** Exercise data follows **
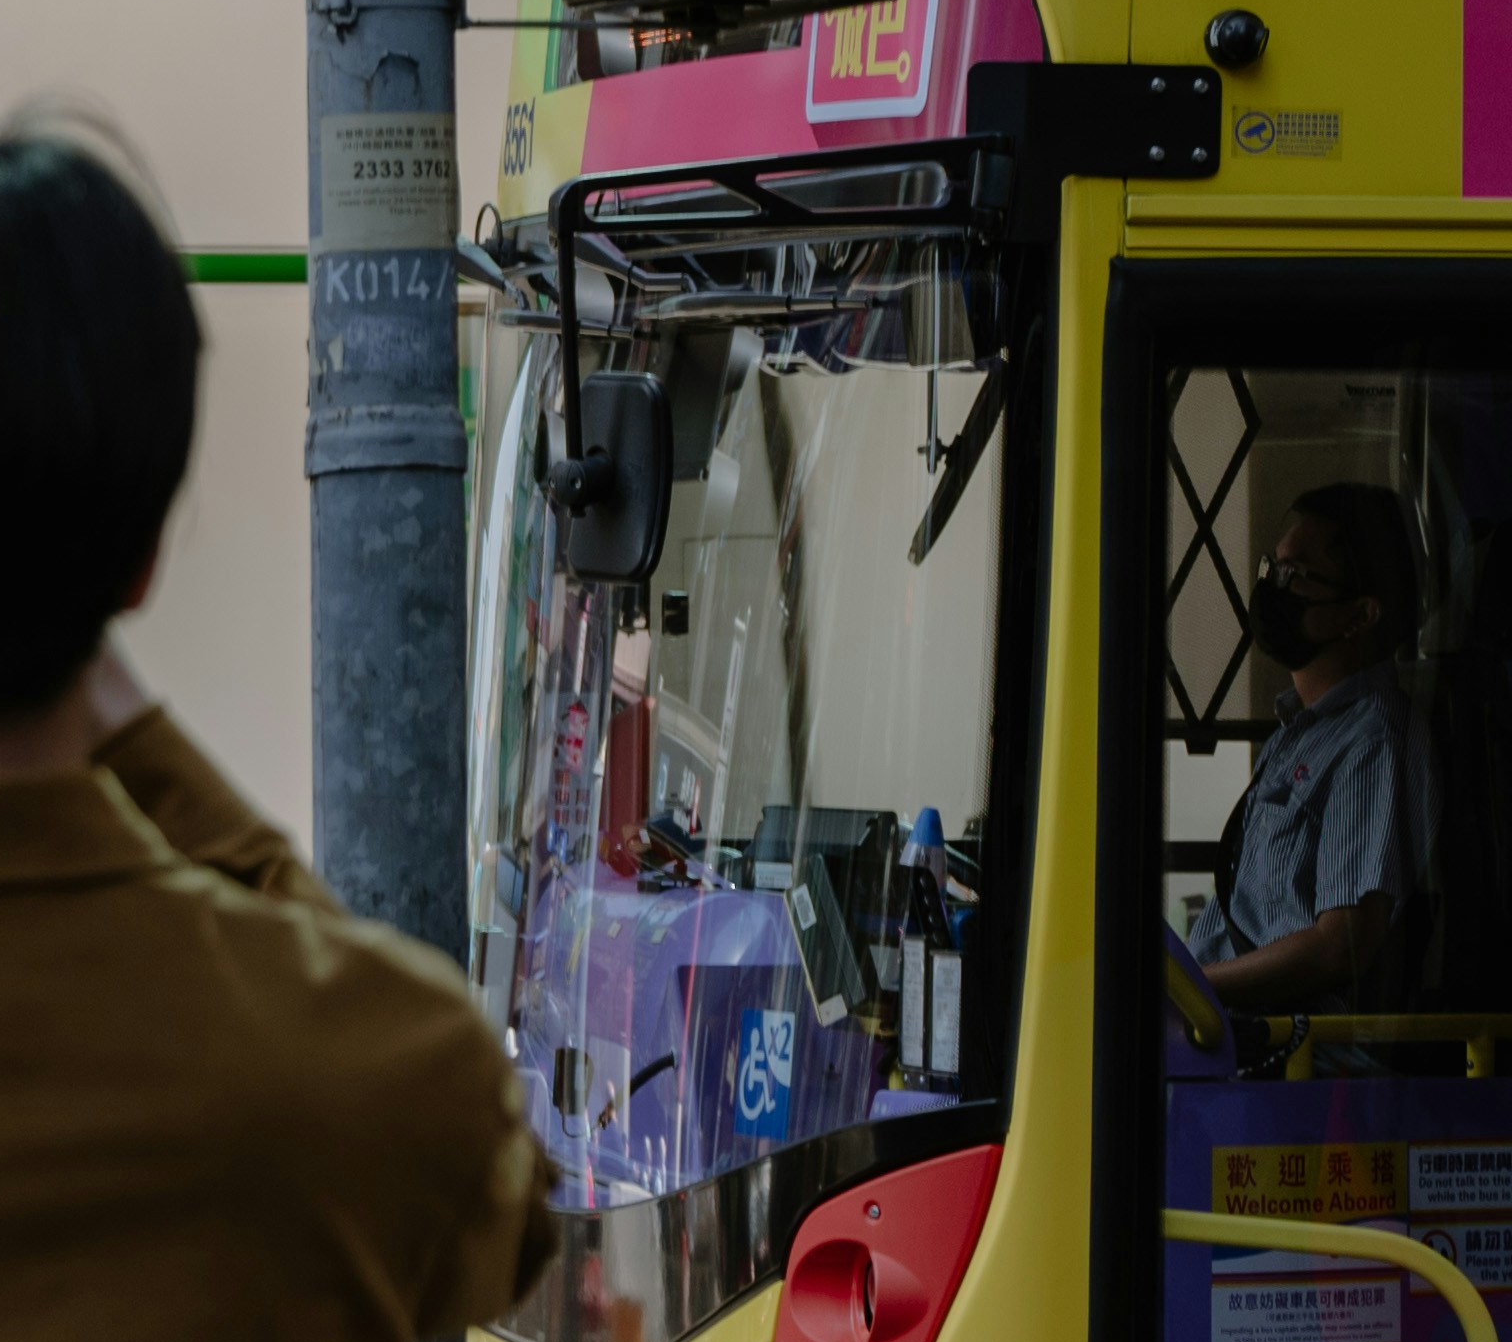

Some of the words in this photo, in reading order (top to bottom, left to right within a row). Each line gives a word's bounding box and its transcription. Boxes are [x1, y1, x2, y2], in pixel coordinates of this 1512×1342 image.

[503, 97, 536, 177] 8561
[354, 160, 404, 179] 2333
[413, 159, 451, 178] 3762
[1226, 1150, 1396, 1189] 歡迎乘搭
[1419, 1176, 1433, 1189] Do
[1436, 1177, 1452, 1188] not
[1456, 1175, 1474, 1187] talk
[1479, 1176, 1490, 1187] to
[1493, 1174, 1511, 1186] the
[1226, 1194, 1323, 1215] Welcome
[1329, 1190, 1396, 1211] Aboard
[1428, 1191, 1455, 1203] while
[1459, 1190, 1476, 1202] the
[1479, 1190, 1499, 1202] bus
[1502, 1189, 1511, 1201] is
[1466, 1254, 1501, 1267] Please
[1481, 1269, 1499, 1281] the
** End of Exercise data **
*Task directions*
Type out all of the records exactly, leaving out any picture.

*Answer to this problem*
Some of the words in this photo, in reading order (top to bottom, left to right within a row). Each line gives a word's bounding box and its transcription. Boxes are [x1, y1, x2, y2], in pixel coordinates of this 1512×1342 image.

[503, 97, 536, 177] 8561
[354, 160, 404, 179] 2333
[413, 159, 451, 178] 3762
[1226, 1150, 1396, 1189] 歡迎乘搭
[1419, 1176, 1433, 1189] Do
[1436, 1177, 1452, 1188] not
[1456, 1175, 1474, 1187] talk
[1479, 1176, 1490, 1187] to
[1493, 1174, 1511, 1186] the
[1226, 1194, 1323, 1215] Welcome
[1329, 1190, 1396, 1211] Aboard
[1428, 1191, 1455, 1203] while
[1459, 1190, 1476, 1202] the
[1479, 1190, 1499, 1202] bus
[1502, 1189, 1511, 1201] is
[1466, 1254, 1501, 1267] Please
[1481, 1269, 1499, 1281] the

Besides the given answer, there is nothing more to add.